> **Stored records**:

=== Begin Enclosure ===

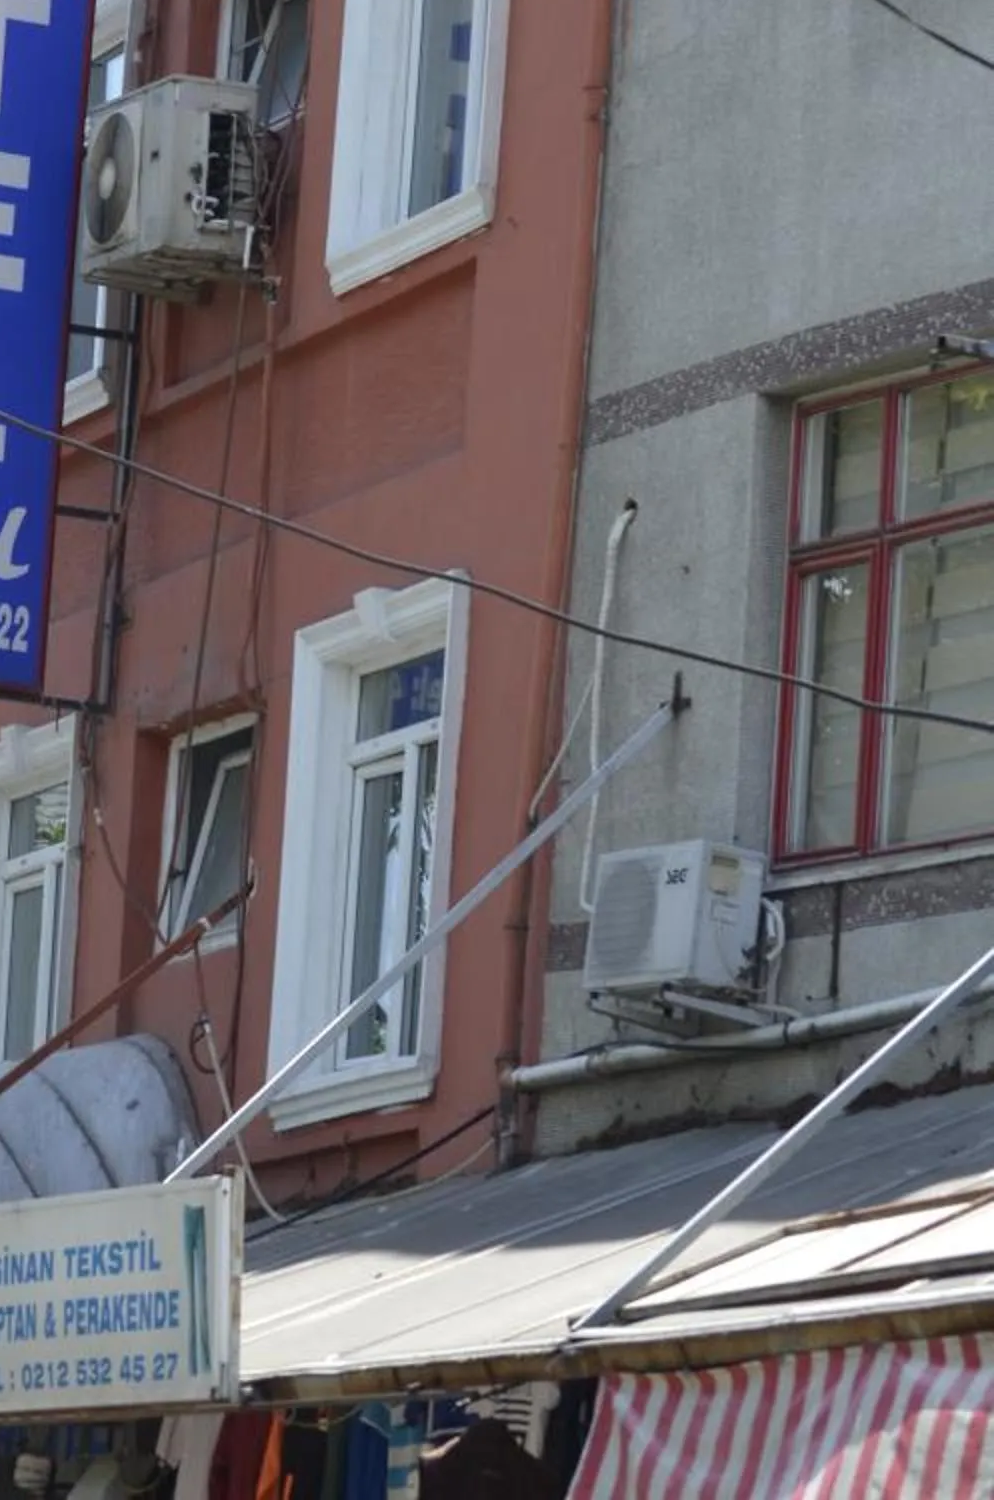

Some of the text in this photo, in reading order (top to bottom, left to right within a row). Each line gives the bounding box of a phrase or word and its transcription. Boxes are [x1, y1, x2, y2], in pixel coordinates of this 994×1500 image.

[64, 1230, 161, 1279] TEKSTİL
[44, 1301, 57, 1340] &
[64, 1289, 180, 1337] PERAKENDE
[21, 1361, 69, 1391] 0212
[75, 1357, 112, 1386] 532
[119, 1354, 146, 1383] 45
[152, 1352, 179, 1381] 27
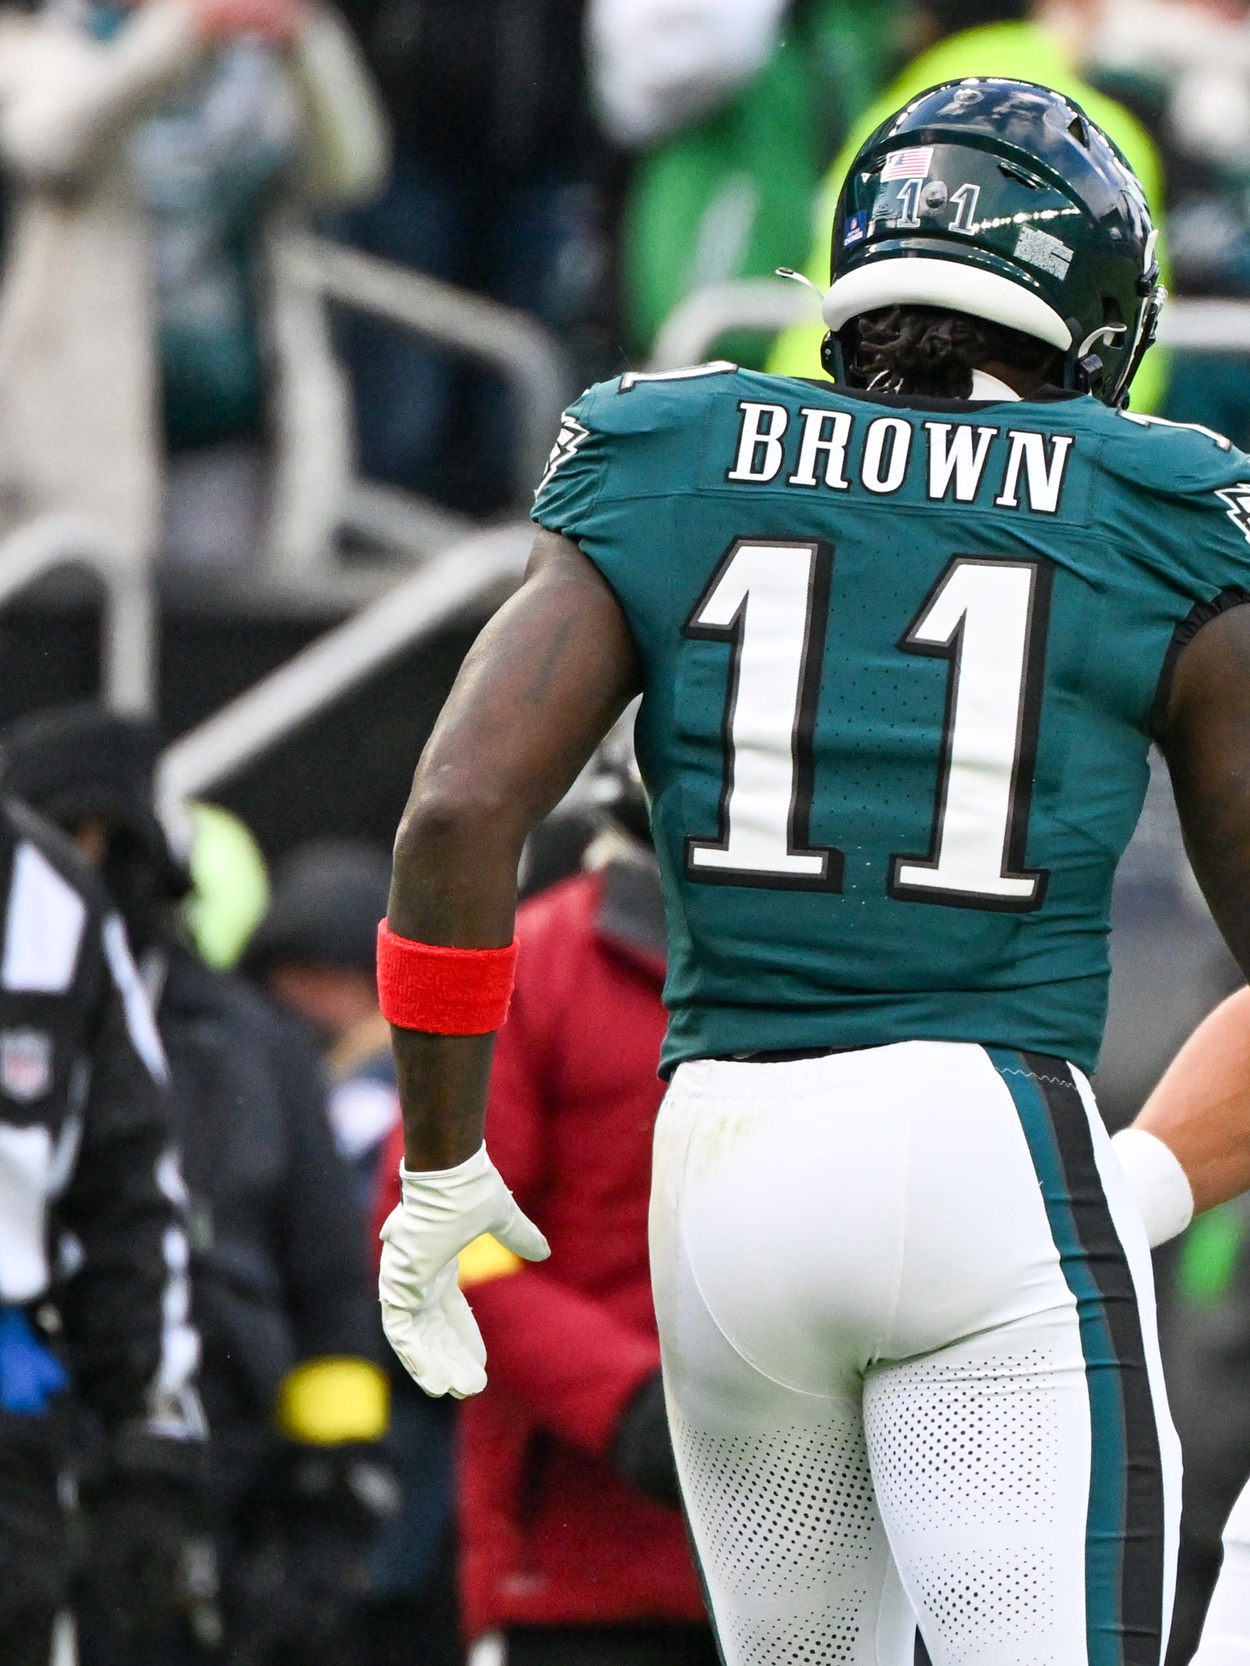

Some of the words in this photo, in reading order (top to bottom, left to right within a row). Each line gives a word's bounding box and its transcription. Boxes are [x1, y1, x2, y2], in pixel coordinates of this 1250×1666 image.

=== End Enclosure ===

> **Exercise directions**: Your copy must repeat the data word for word and show none of its images.

> **Your response**:
Some of the text in this photo, in reading order (top to bottom, left to right within a row). Each line gives the bounding box of a phrase or word and its transcription. Boxes are [x1, y1, x2, y2], in pixel coordinates of this 994×1500 image.

[64, 1230, 161, 1279] TEKSTİL
[44, 1301, 57, 1340] &
[64, 1289, 180, 1337] PERAKENDE
[21, 1361, 69, 1391] 0212
[75, 1357, 112, 1386] 532
[119, 1354, 146, 1383] 45
[152, 1352, 179, 1381] 27

Some of the words in this photo, in reading order (top to bottom, left to right within a row). Each line gives a word's bounding box and its transcription. Boxes are [x1, y1, x2, y2], in pixel coordinates of this 1250×1666 image.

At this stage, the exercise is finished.